#### Prompt:
Reproduce every line below exactly as written; do not include the images.

#### Records for this exercise:
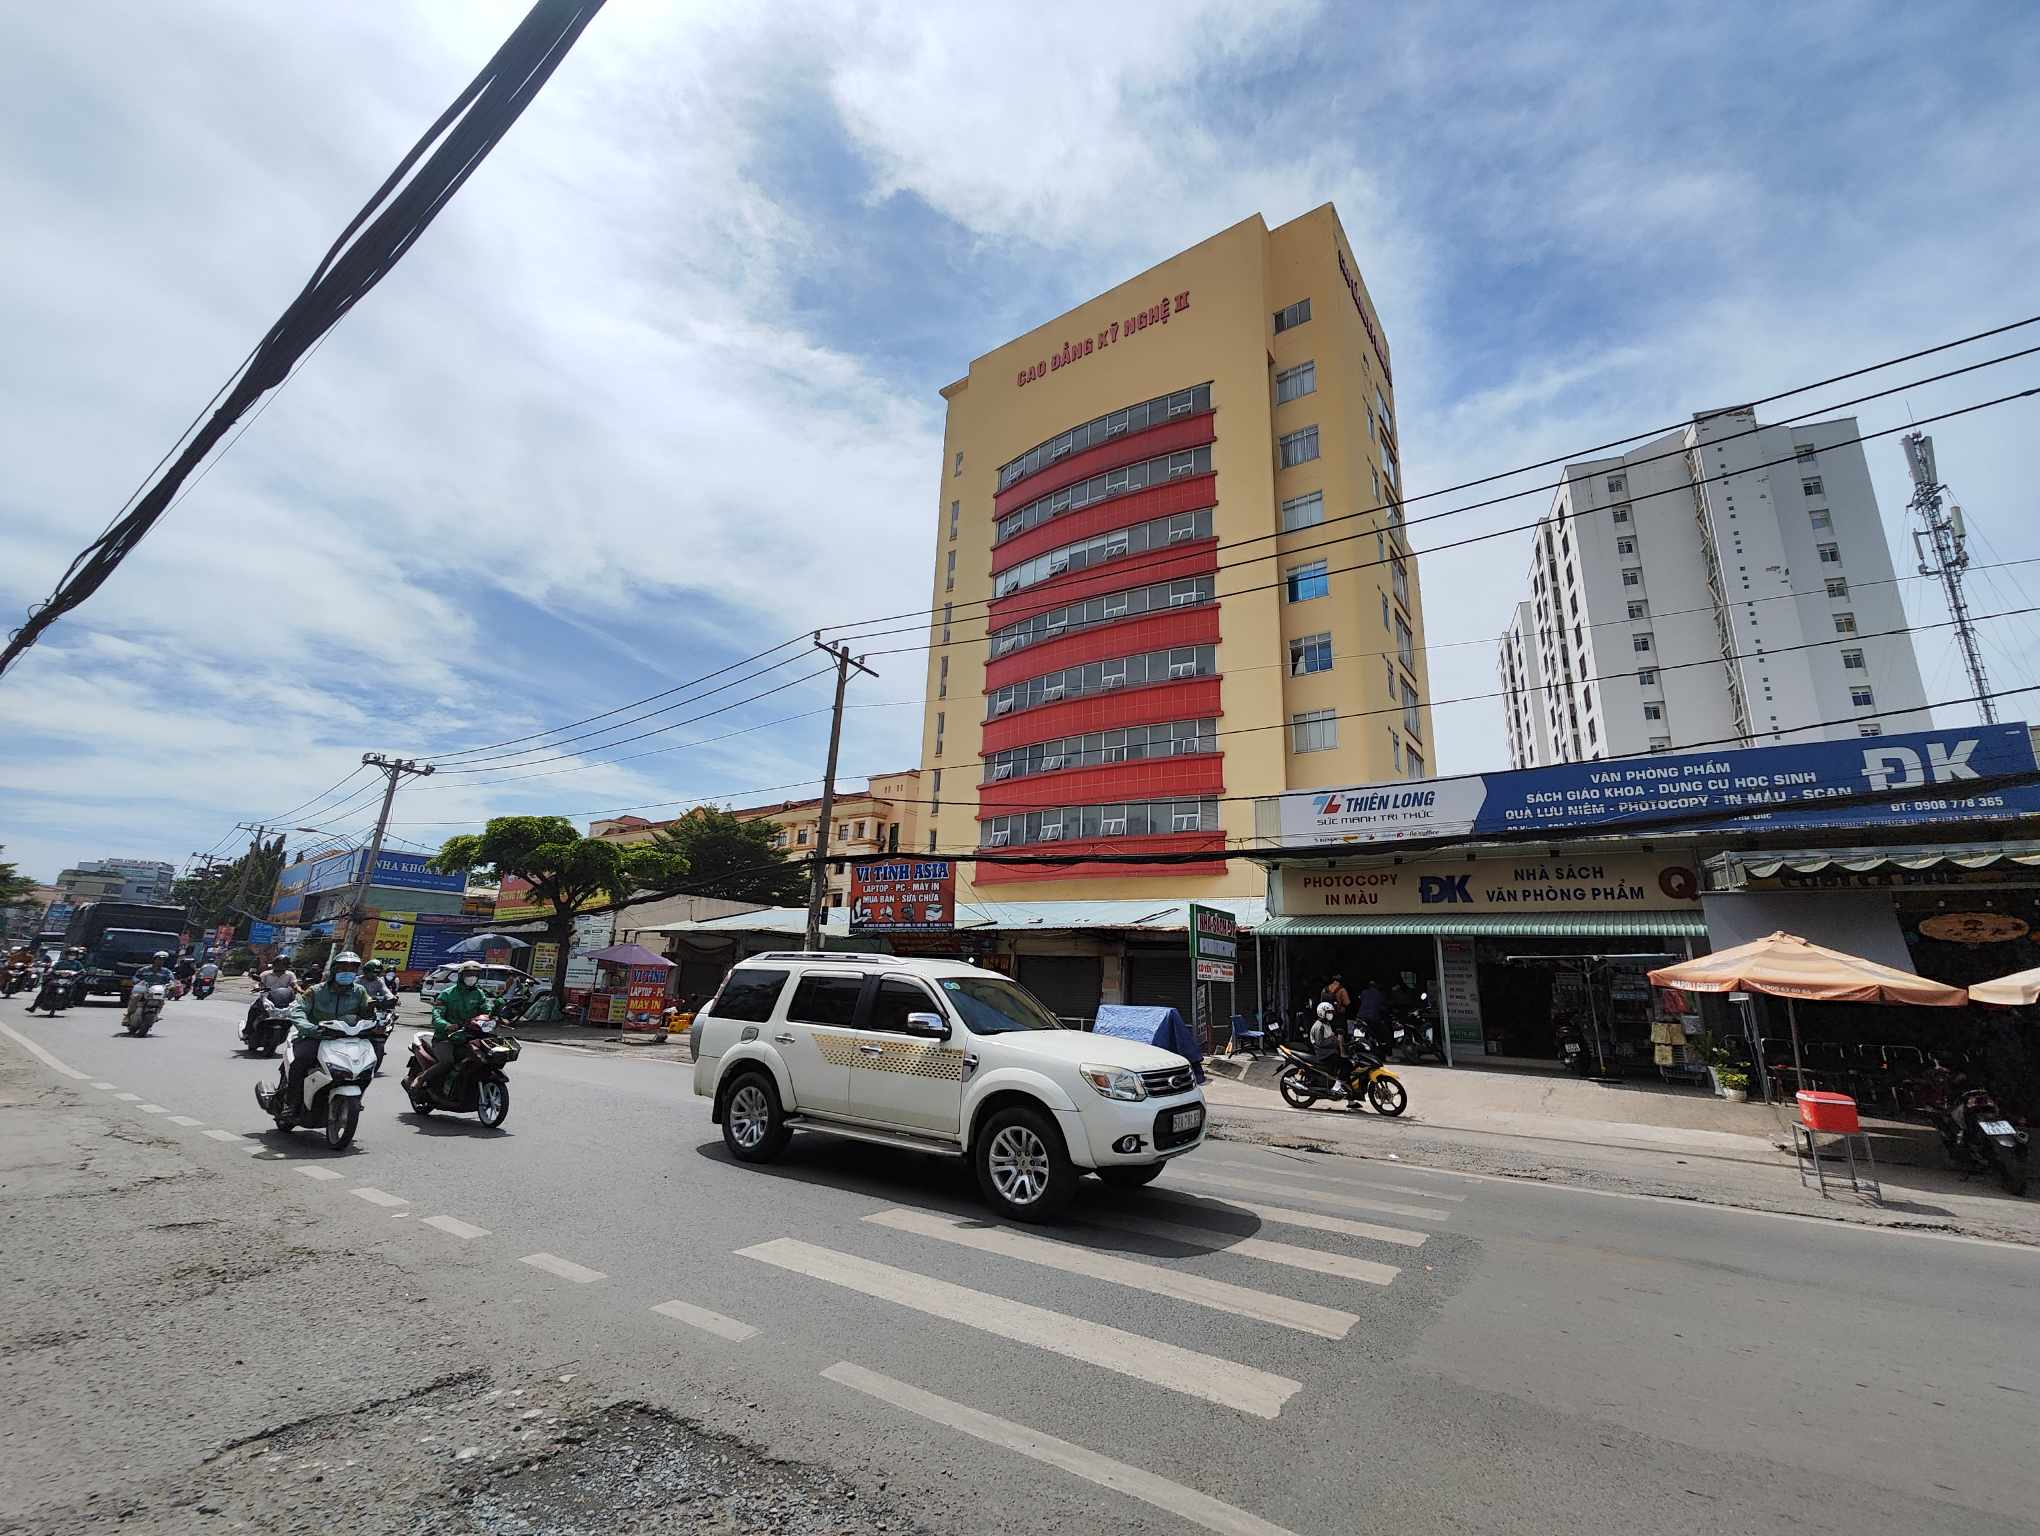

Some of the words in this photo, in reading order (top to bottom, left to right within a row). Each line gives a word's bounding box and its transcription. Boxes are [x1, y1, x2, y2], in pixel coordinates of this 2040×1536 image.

[1017, 360, 1047, 387] CAO
[1051, 338, 1094, 371] ĐẲNG
[1097, 321, 1120, 350] KỸ
[1124, 298, 1170, 337] NGHỆ
[1590, 771, 1622, 784] VĂN
[1626, 766, 1679, 782] PHÒNG
[1684, 760, 1731, 776] PHẨM
[1861, 740, 1982, 791] ĐK
[1526, 790, 1563, 804] SÁCH
[1566, 788, 1600, 801] GIÁO
[1604, 785, 1645, 798] KHOA
[1658, 780, 1703, 796] DỤNG
[1708, 779, 1729, 792] CỤ
[1735, 776, 1769, 790] HỌC
[1774, 772, 1817, 785] SINH
[1346, 793, 1390, 812] THIÊN
[1392, 791, 1435, 809] LONG
[1505, 806, 1534, 820] QUÀ
[1536, 804, 1563, 818] LƯU
[1568, 802, 1605, 816] NIỆM
[1618, 796, 1709, 813] PHOTOCOPY
[1725, 793, 1742, 805] IN
[1747, 790, 1787, 804] MÀU
[1802, 787, 1852, 800] SCAN
[1915, 799, 1947, 811] 0908
[1951, 798, 1975, 809] 778
[1979, 796, 2004, 807] 365
[1316, 815, 1339, 826] SỨC
[1402, 808, 1434, 819] THỨC
[400, 862, 433, 875] KHOA
[855, 867, 871, 882] VI
[874, 862, 911, 881] TÍNH
[913, 863, 949, 880] ASIA
[1513, 865, 1550, 881] NHÀ
[1555, 864, 1605, 880] SÁCH
[863, 884, 889, 893] LAPTOP
[895, 883, 906, 892] PC
[931, 882, 940, 891] IN
[1303, 874, 1398, 888] PHOTOCOPY
[1418, 874, 1475, 904] ĐK
[1486, 887, 1518, 903] VĂN
[1521, 885, 1586, 901] PHÒNG
[1592, 878, 1644, 900] PHẨM
[863, 895, 878, 904] MUA
[880, 894, 895, 903] BÁN
[918, 893, 939, 902] CHỮA
[1325, 894, 1341, 905] IN
[1344, 890, 1378, 905] MÀU

#### Solution to the exercise:
Some of the words in this photo, in reading order (top to bottom, left to right within a row). Each line gives a word's bounding box and its transcription. Boxes are [x1, y1, x2, y2], in pixel coordinates of this 2040×1536 image.

[1017, 360, 1047, 387] CAO
[1051, 338, 1094, 371] ĐẲNG
[1097, 321, 1120, 350] KỸ
[1124, 298, 1170, 337] NGHỆ
[1590, 771, 1622, 784] VĂN
[1626, 766, 1679, 782] PHÒNG
[1684, 760, 1731, 776] PHẨM
[1861, 740, 1982, 791] ĐK
[1526, 790, 1563, 804] SÁCH
[1566, 788, 1600, 801] GIÁO
[1604, 785, 1645, 798] KHOA
[1658, 780, 1703, 796] DỤNG
[1708, 779, 1729, 792] CỤ
[1735, 776, 1769, 790] HỌC
[1774, 772, 1817, 785] SINH
[1346, 793, 1390, 812] THIÊN
[1392, 791, 1435, 809] LONG
[1505, 806, 1534, 820] QUÀ
[1536, 804, 1563, 818] LƯU
[1568, 802, 1605, 816] NIỆM
[1618, 796, 1709, 813] PHOTOCOPY
[1725, 793, 1742, 805] IN
[1747, 790, 1787, 804] MÀU
[1802, 787, 1852, 800] SCAN
[1915, 799, 1947, 811] 0908
[1951, 798, 1975, 809] 778
[1979, 796, 2004, 807] 365
[1316, 815, 1339, 826] SỨC
[1402, 808, 1434, 819] THỨC
[400, 862, 433, 875] KHOA
[855, 867, 871, 882] VI
[874, 862, 911, 881] TÍNH
[913, 863, 949, 880] ASIA
[1513, 865, 1550, 881] NHÀ
[1555, 864, 1605, 880] SÁCH
[863, 884, 889, 893] LAPTOP
[895, 883, 906, 892] PC
[931, 882, 940, 891] IN
[1303, 874, 1398, 888] PHOTOCOPY
[1418, 874, 1475, 904] ĐK
[1486, 887, 1518, 903] VĂN
[1521, 885, 1586, 901] PHÒNG
[1592, 878, 1644, 900] PHẨM
[863, 895, 878, 904] MUA
[880, 894, 895, 903] BÁN
[918, 893, 939, 902] CHỮA
[1325, 894, 1341, 905] IN
[1344, 890, 1378, 905] MÀU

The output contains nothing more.